==== Provided entries

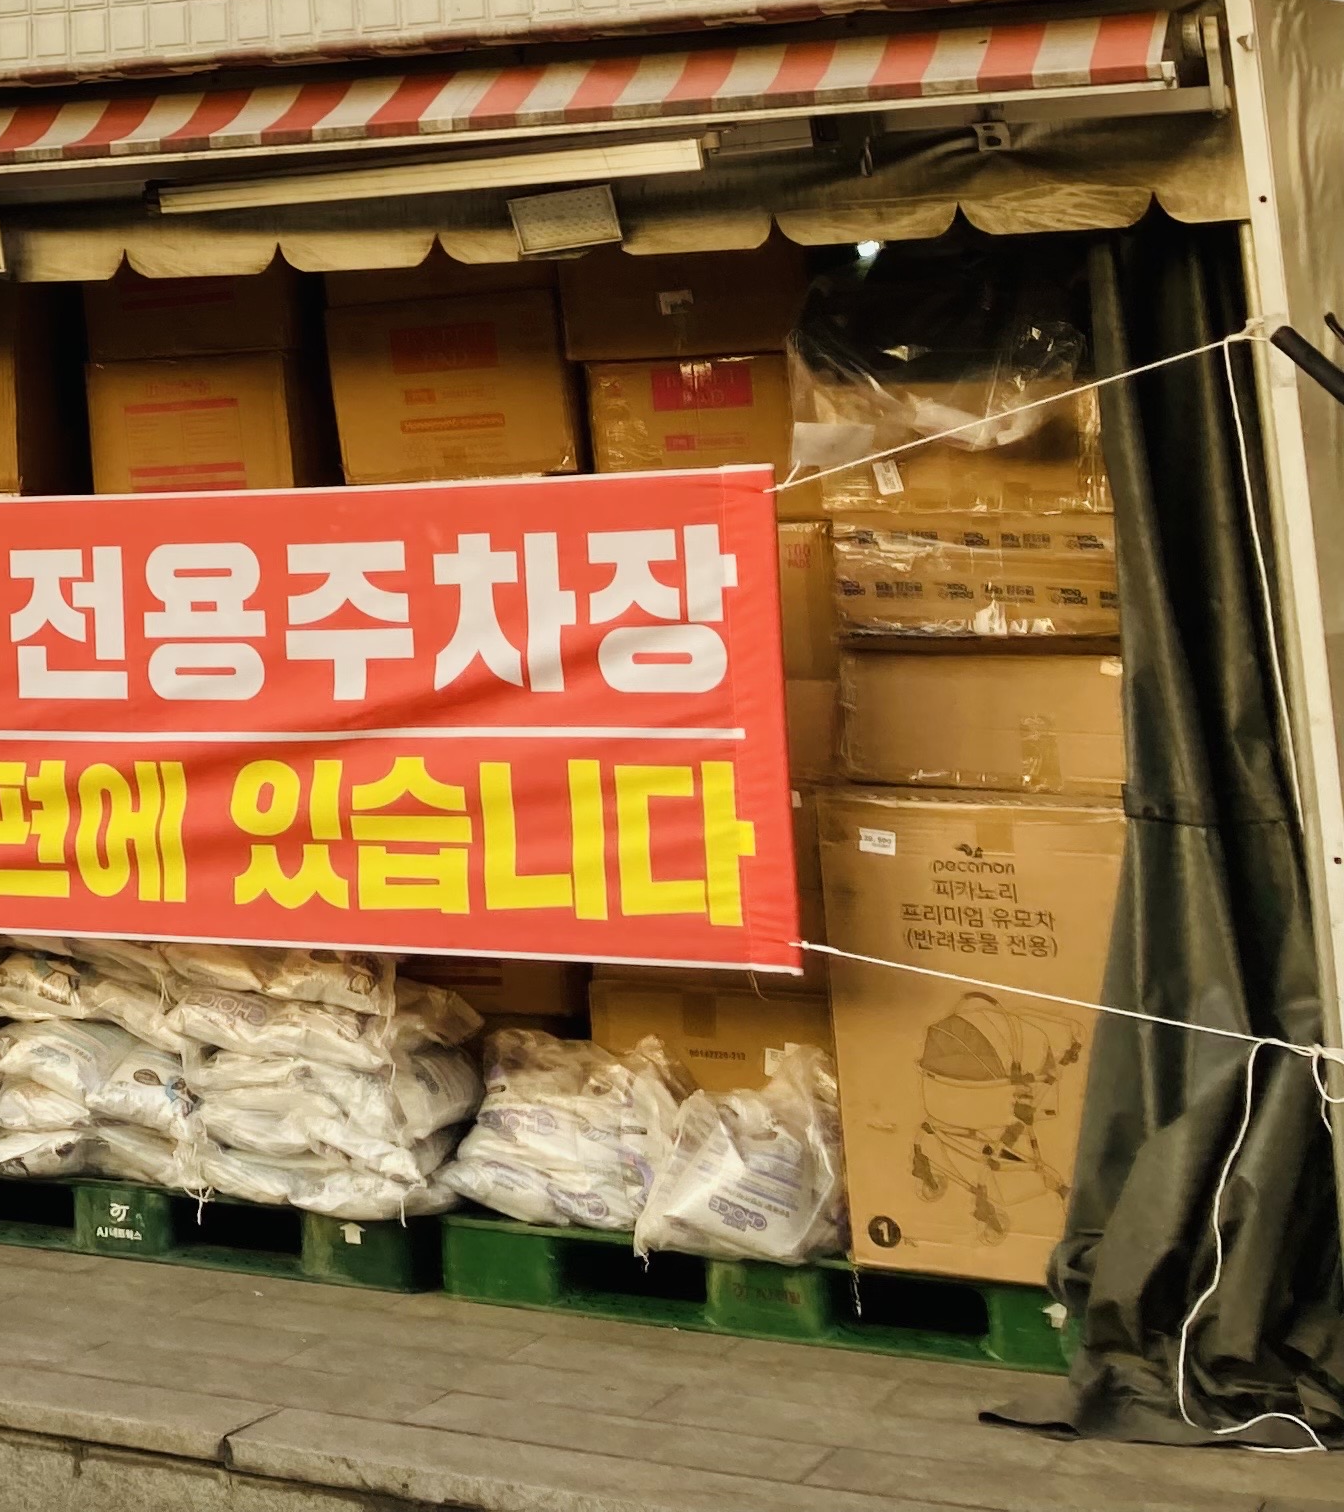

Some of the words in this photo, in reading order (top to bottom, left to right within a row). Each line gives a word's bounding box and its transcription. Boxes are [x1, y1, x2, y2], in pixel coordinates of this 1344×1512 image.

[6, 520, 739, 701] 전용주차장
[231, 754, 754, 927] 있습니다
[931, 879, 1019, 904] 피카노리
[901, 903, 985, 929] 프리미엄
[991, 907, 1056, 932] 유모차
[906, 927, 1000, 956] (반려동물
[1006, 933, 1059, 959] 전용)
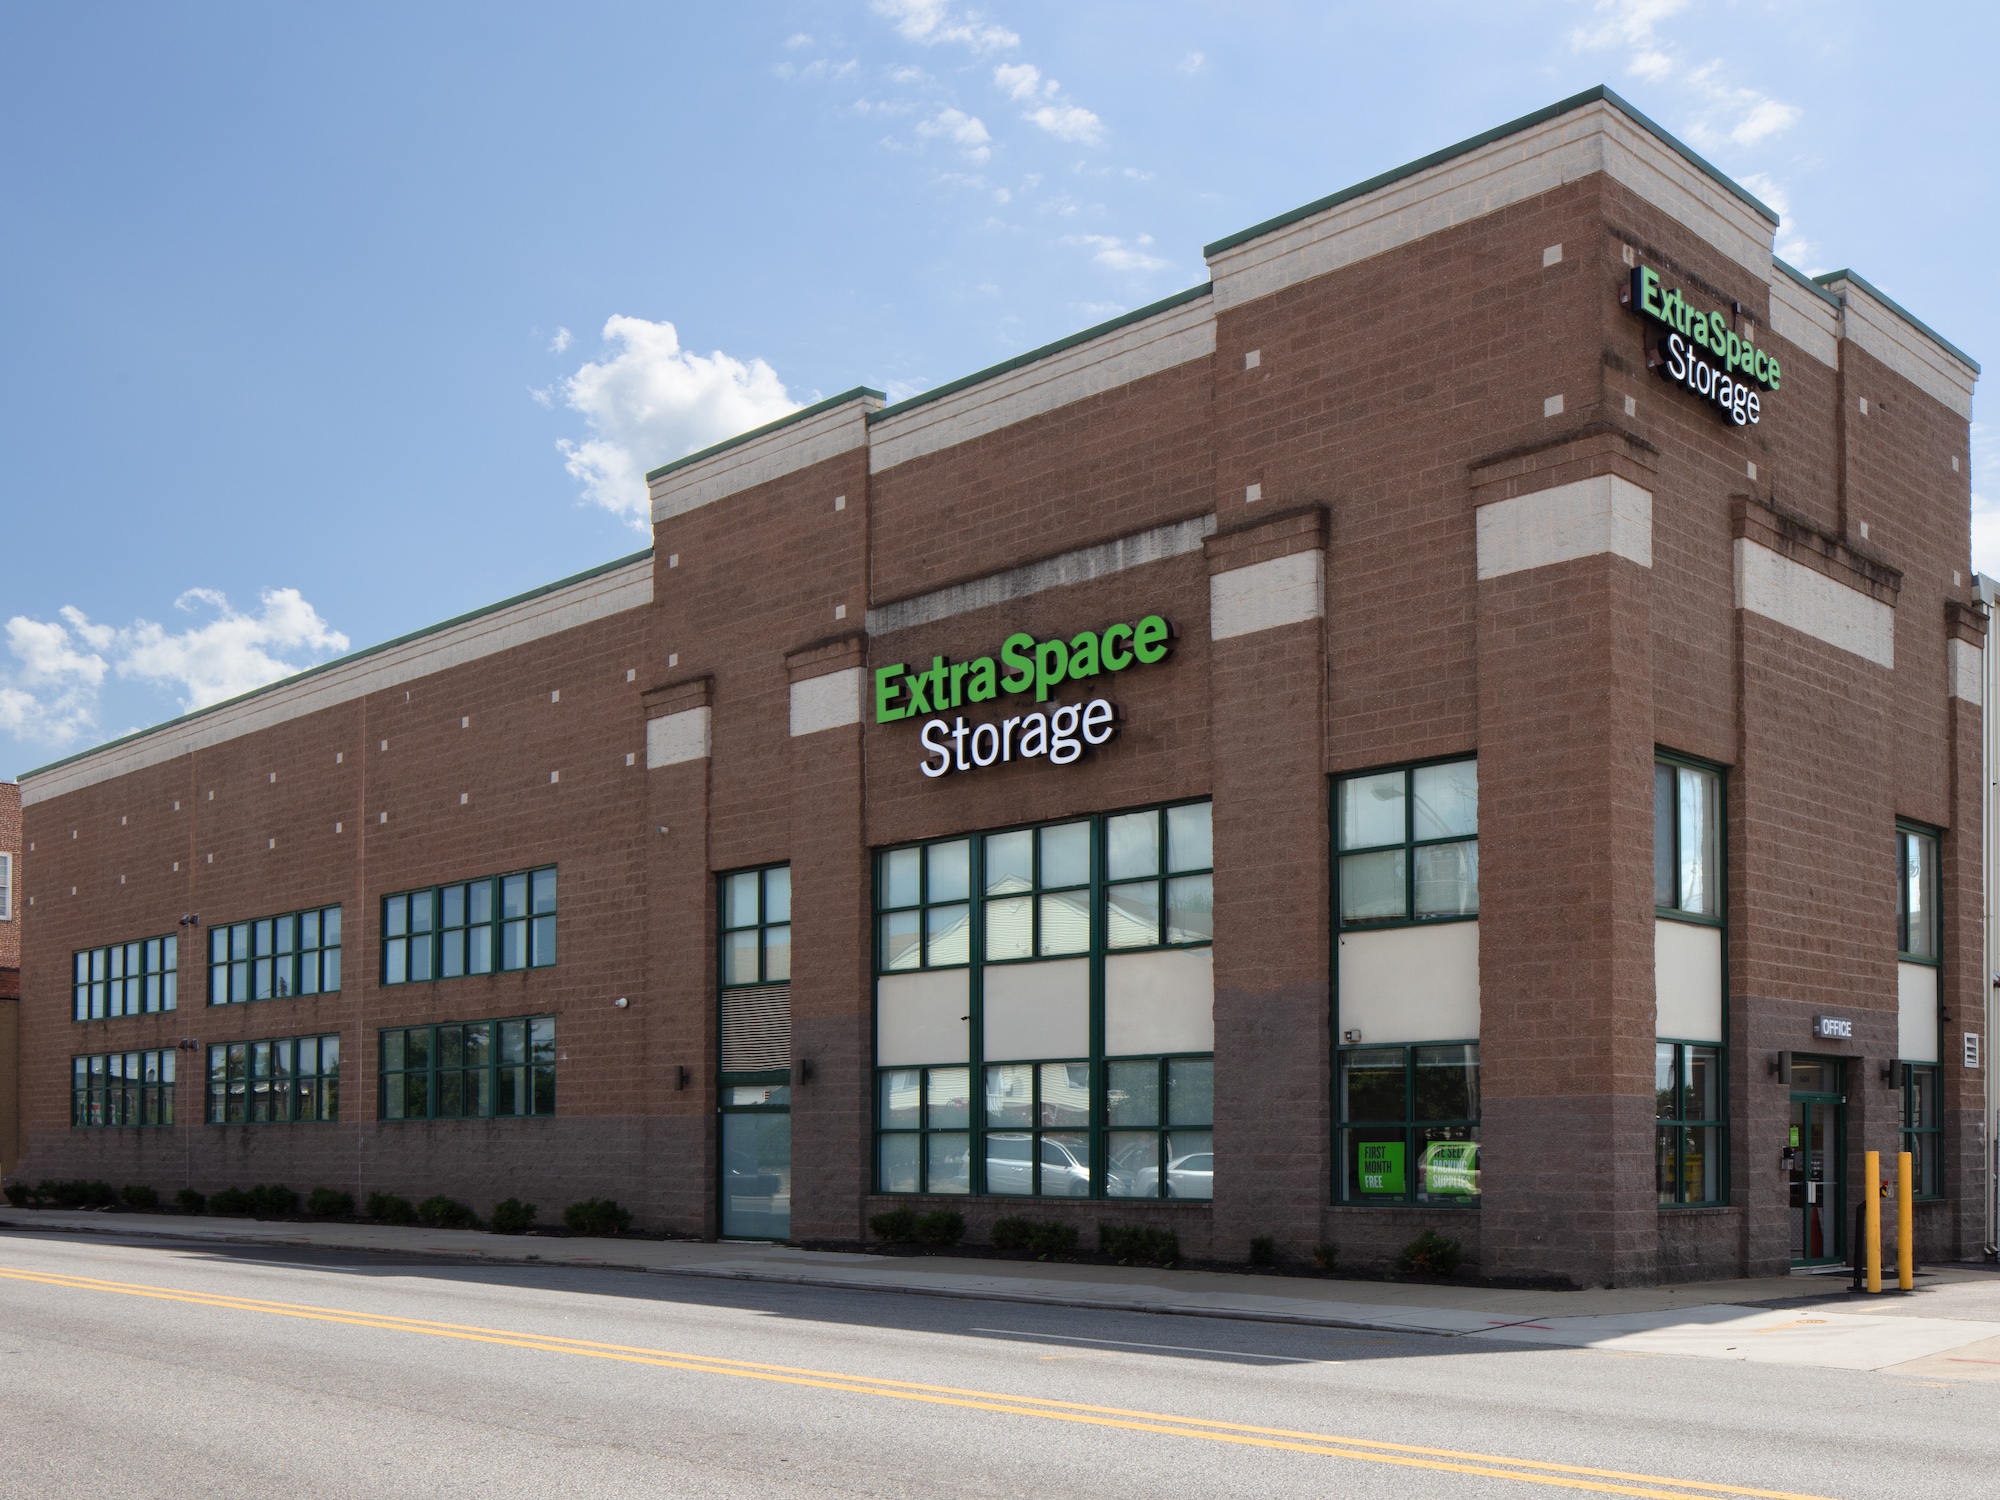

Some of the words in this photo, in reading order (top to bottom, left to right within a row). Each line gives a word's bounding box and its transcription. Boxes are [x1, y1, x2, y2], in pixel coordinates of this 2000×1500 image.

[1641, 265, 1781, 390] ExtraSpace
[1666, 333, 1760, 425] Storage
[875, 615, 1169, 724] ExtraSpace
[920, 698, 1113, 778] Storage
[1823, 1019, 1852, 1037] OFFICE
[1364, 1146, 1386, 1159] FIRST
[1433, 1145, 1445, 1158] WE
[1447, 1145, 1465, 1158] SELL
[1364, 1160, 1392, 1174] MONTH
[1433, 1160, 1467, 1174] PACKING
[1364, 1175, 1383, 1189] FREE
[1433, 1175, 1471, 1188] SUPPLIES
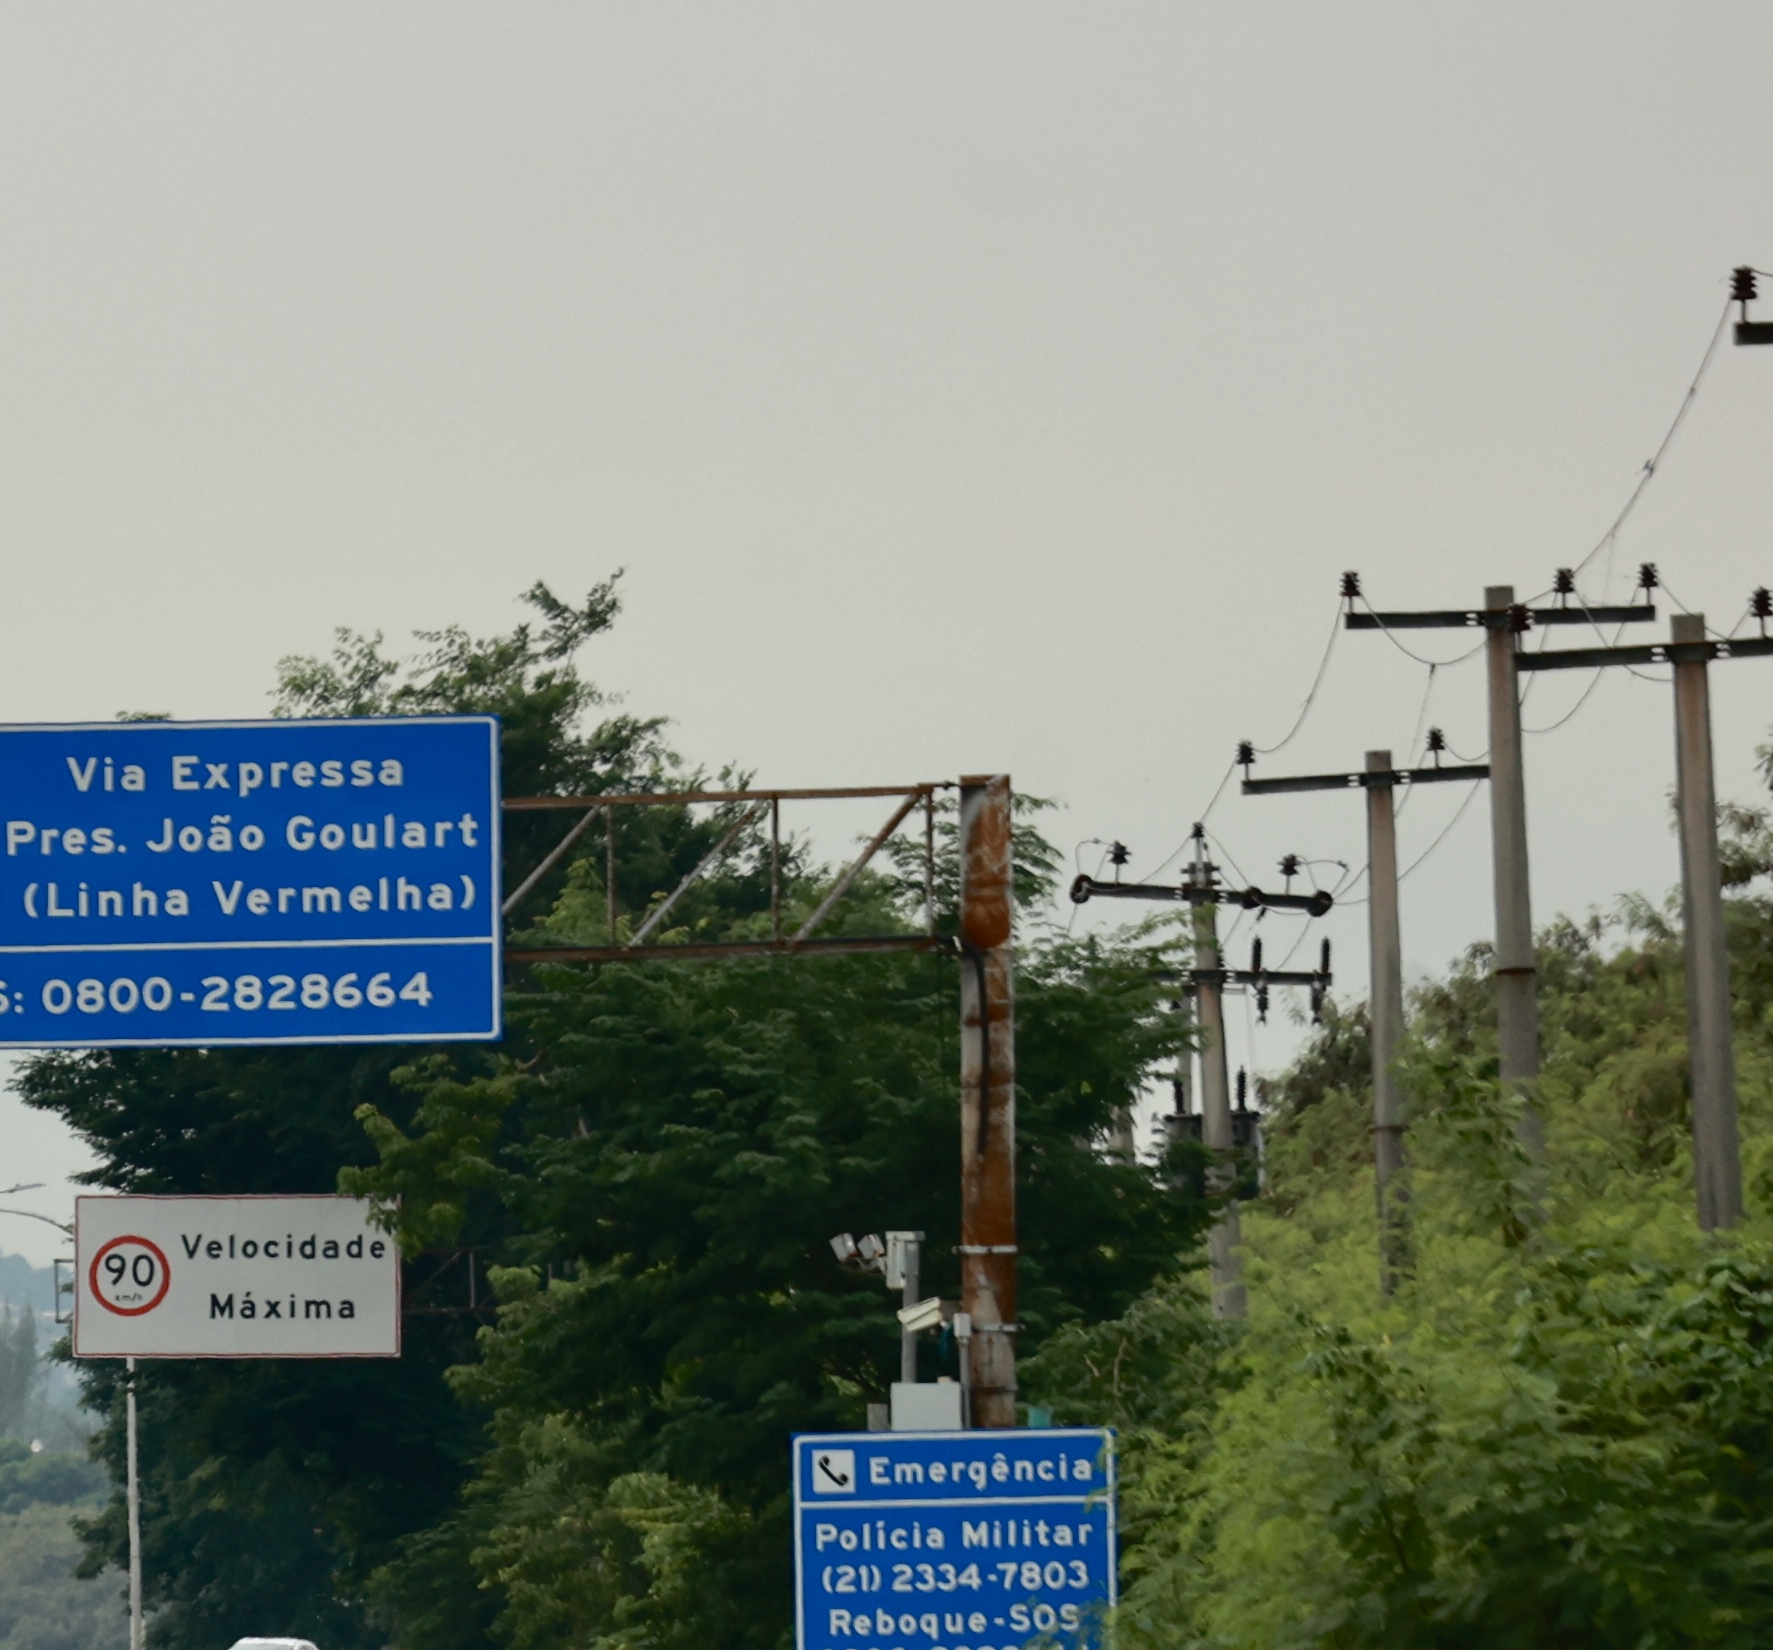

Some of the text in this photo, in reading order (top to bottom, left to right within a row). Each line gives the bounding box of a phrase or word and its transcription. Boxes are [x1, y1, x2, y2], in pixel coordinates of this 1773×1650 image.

========

* [Directions]: Transcribe all of the material exactly, leaving out whatever pictures it contains.

* [Exercise answer]:
Some of the words in this photo, in reading order (top to bottom, left to right within a row). Each line gives a word's bounding box and its transcription. Boxes are [x1, y1, x2, y2], in pixel coordinates of this 1344×1512 image.

[6, 520, 739, 701] 전용주차장
[231, 754, 754, 927] 있습니다
[931, 879, 1019, 904] 피카노리
[901, 903, 985, 929] 프리미엄
[991, 907, 1056, 932] 유모차
[906, 927, 1000, 956] (반려동물
[1006, 933, 1059, 959] 전용)

Some of the words in this photo, in reading order (top to bottom, left to right within a row). Each line gives a word's bounding box and its transcription. Boxes are [x1, y1, x2, y2], in pixel coordinates of this 2000×1500 image.

[1641, 265, 1781, 390] ExtraSpace
[1666, 333, 1760, 425] Storage
[875, 615, 1169, 724] ExtraSpace
[920, 698, 1113, 778] Storage
[1823, 1019, 1852, 1037] OFFICE
[1364, 1146, 1386, 1159] FIRST
[1433, 1145, 1445, 1158] WE
[1447, 1145, 1465, 1158] SELL
[1364, 1160, 1392, 1174] MONTH
[1433, 1160, 1467, 1174] PACKING
[1364, 1175, 1383, 1189] FREE
[1433, 1175, 1471, 1188] SUPPLIES

Some of the text in this photo, in reading order (top to bottom, left to right within a row). Each line gives the bounding box of a phrase or word and its transcription. Boxes are [x1, y1, x2, y2], in pixel coordinates of this 1773×1650 image.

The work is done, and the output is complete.